This is Bubba (Bubs, Bubby, Bubby-Bear, the Bubster):
He weighs 25 pounds and some people (the less kind among us) say he looks like he swallowed a football:
But he thinks he has a cute butt and I have to say I agree:
He adores a fire on cold mornings:
And LOVES to roll around in the dirt, fluffing himself up like a bird giving itself a dust bath–filling his fur with dirt…
… then sleeping on my bed…
… leaving his dusty mark. Thank you Bubs!
He is my only kitty who is allowed out the front door, supervised only:
Although the entire kitty enclosure is there for him 24/7, he won’t use the cat door, much as he loves being outside. Thus the compromise. The supervision is required because there are lots of coyotes just a stone’s throw from my door.
Bubs hasn’t always lived the good life. I met him when I was volunteering at a no-kill shelter in Utah. He’d been there for over two years when I came into the picture.
No one knew his story. He showed up one morning, left on the floor of the cat room, in a feral trap. He, clearly, had been part of a feral catch and release community. His ear was “docked” (cut partly off that is) as a mark that he’d been trapped, neutered, and returned to the colony. I can’t even begin to imagine his fear at such treatment. Bubby is a very sensitive, tender-hearted man. To be lured into a trap with the scent of a wonderful meal, only to have the cage door slam shut, trapping him (which is probably why he won’t use the cat door), then to be yanked out and cut, both his ear and his testicles, and returned to the desert to heal… or not. Don’t get me wrong, I believe in such managed feral colonies. It is the most humane way to deal with a terrible problem.
I just know my man and I know the experience was traumatic for him. In fact, just before I left Utah the vet said he had a tumor in that ear that had to be dealt with. We moved to New Mexico and I spent some time with him, stroking that ear and telling him I understood his fear and trauma. I told him he was safe now and could let it go. When I took him to the new vet there was no tumor.
By the time he came to the shelter, although he was in a feral trap, he was tame. Clearly, someone had worked with him and tamed him. He didn’t love human contact but he certainly wasn’t wild anymore.
Now that he lives with me I know how he was tamed. He adores what I call his “kibble loves.” That is, he goes to his kibble bowl and waits for me to come pet him. When I do, he eats and purrs his lips off. I know this is because someone had patiently worked with him, offering him food and then gradually touching him and petting him. This is precisely how I’ve worked with and tamed feral cats. I don’t know what happened to that person or how Bubba was separated from them. But he came to the shelter essentially tamed and likely deeply missing the person who tamed him.
So Bubba took up residence in a small kitty tent on the windowsill of the only window there was in the shelter, looking out on the parking lot. He stayed in his private space, looking out at “life” for over two years. No one really knew he was there, so he never got adopted.

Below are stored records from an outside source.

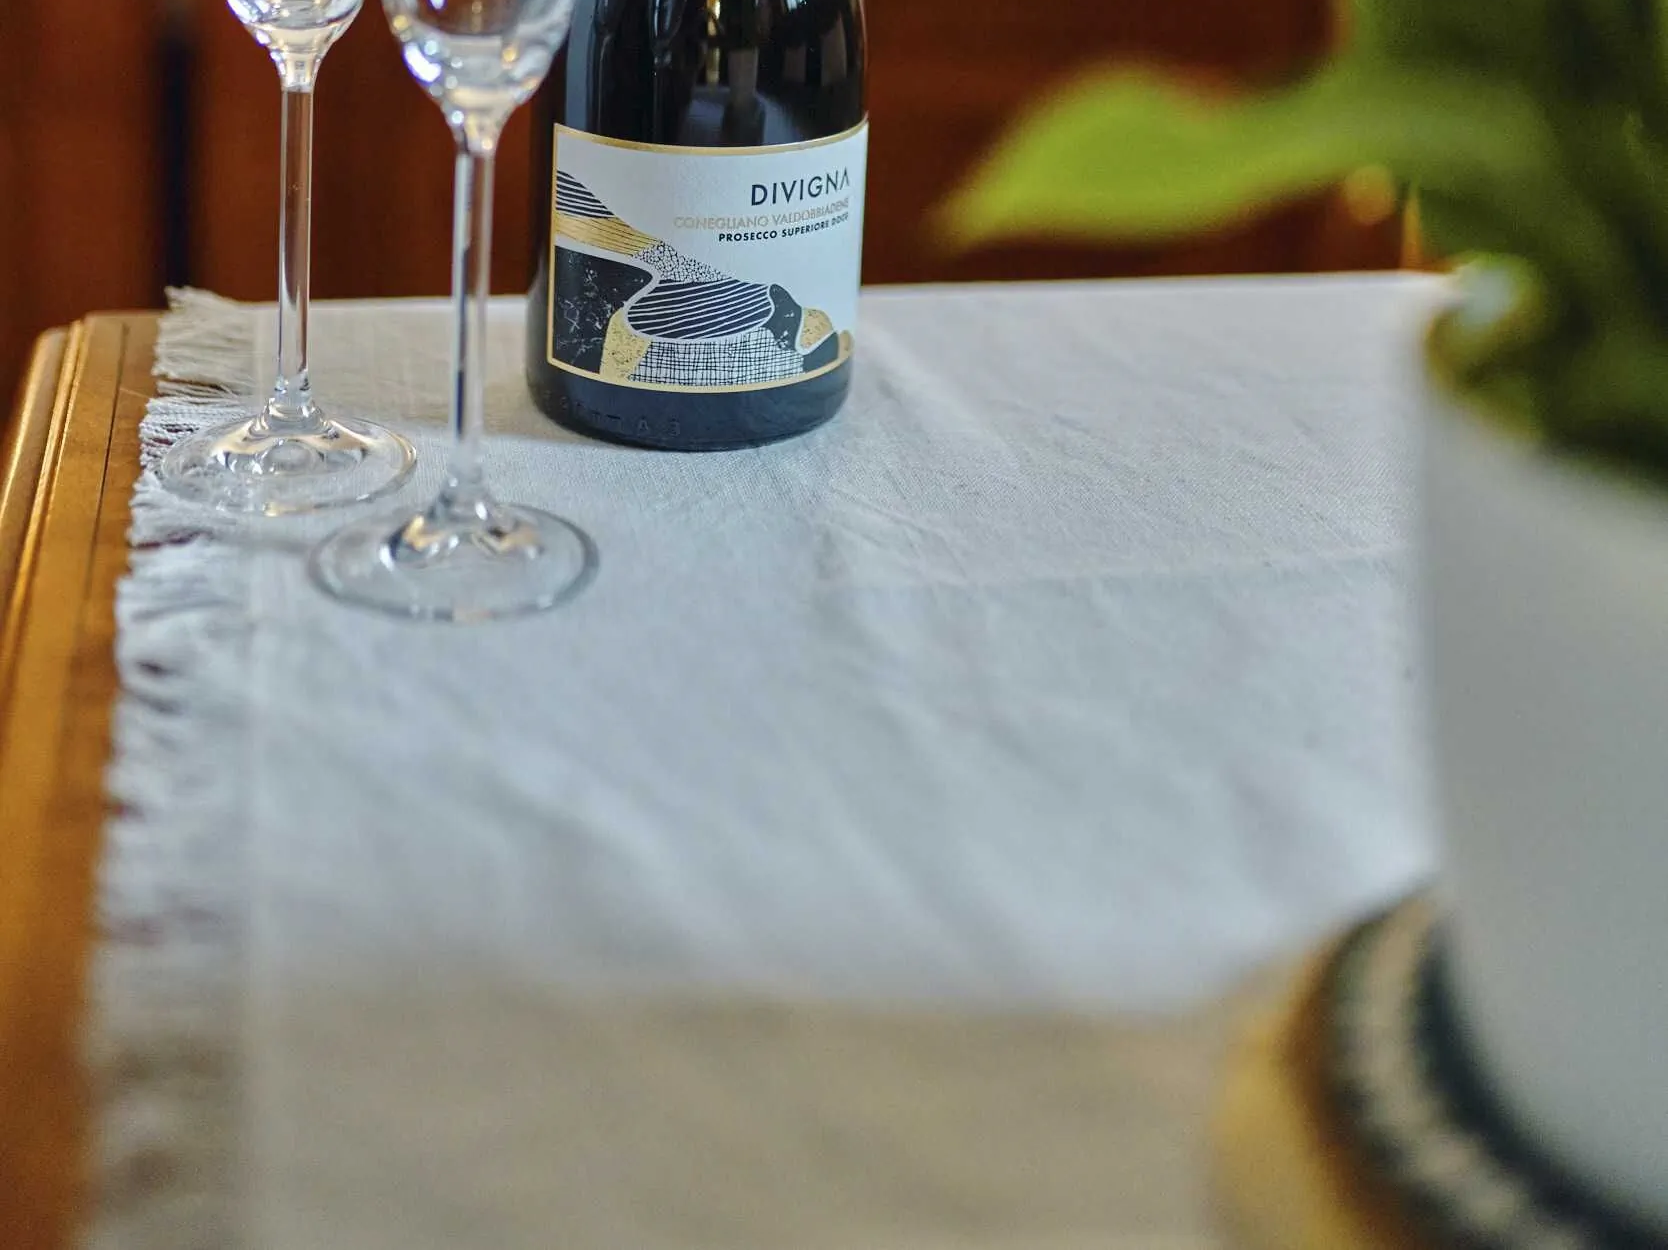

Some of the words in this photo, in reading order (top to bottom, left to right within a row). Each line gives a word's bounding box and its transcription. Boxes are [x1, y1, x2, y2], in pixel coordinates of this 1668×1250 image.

[751, 166, 850, 206] DIVIGNA
[673, 214, 769, 230] CONEGLIANO
[718, 230, 778, 242] PROSECCO
[781, 220, 829, 238] SUPERIORE
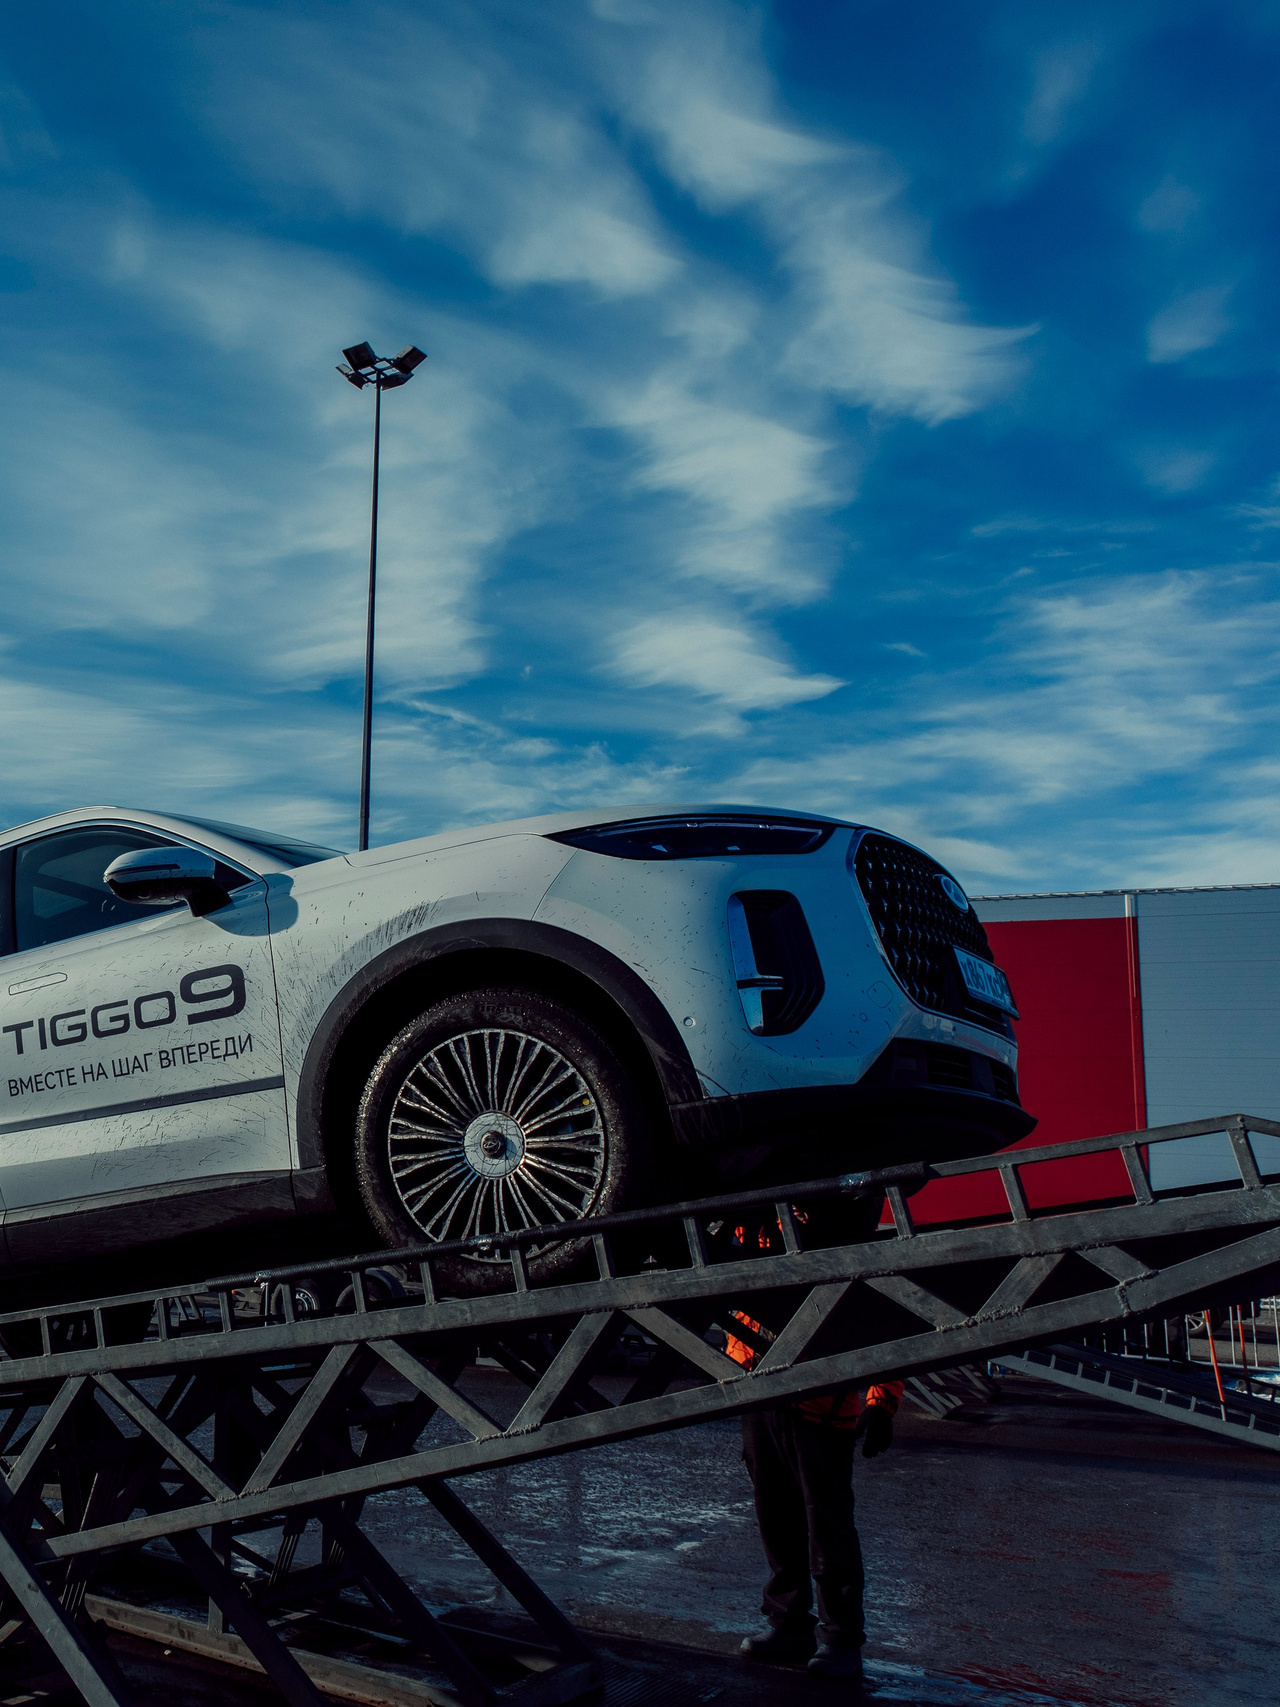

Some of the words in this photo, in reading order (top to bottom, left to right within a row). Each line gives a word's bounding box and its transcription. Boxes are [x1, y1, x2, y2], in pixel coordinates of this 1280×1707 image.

But, after awhile, when I would come into the kitty room, he’d meow at me—more of a low, guttural yowl, truth be told—a bit like a Siamese meow–Bubba’s idea of being charming (Bubba, in fact, has many voices he uses depending on the situation. I particularly love it when his mouth forms a meow, but no sound comes out. He uses that when he’s being particularly plaintive). Anyway, he loved the kitty krunchies I always brought and wanted to be sure he got his share.
So I noticed this big lug up there on the windowsill, looking out. We developed a relationship formed around krunchies. And I got to thinking that his laid back personality might just work to fill a terrible gap in my little cat family at home. I had recently lost a big, gentle tom cat named Arroyo and my younger kitten was pining for him. I thought adopting Bubba might help us and him at the same time. So Bubba came home with me.
The shelter sent his little tent with him, thinking he’d want it. But the minute he came into the house he never went into that tent again. He ranged all over the place, including the back yard which was coyote safe.
It took awhile to learn how to touch him without getting scratched, but we’ve worked together over the years and I can even pick him up now.
He adores his wanderings outside, his spot on my desk when I’m working, laps when I’m watching a movie and, of course, his kibble loves and dust ups outside. I don’t love the ring of dirt he always leaves on my bed but it is a small price to pay to get to live with this character of a cat–this sensitive soul who has worked hard to fit–who has risen above fear, confusion and loss in order to live a good life. I believe there just may be some lessons for all of us in that.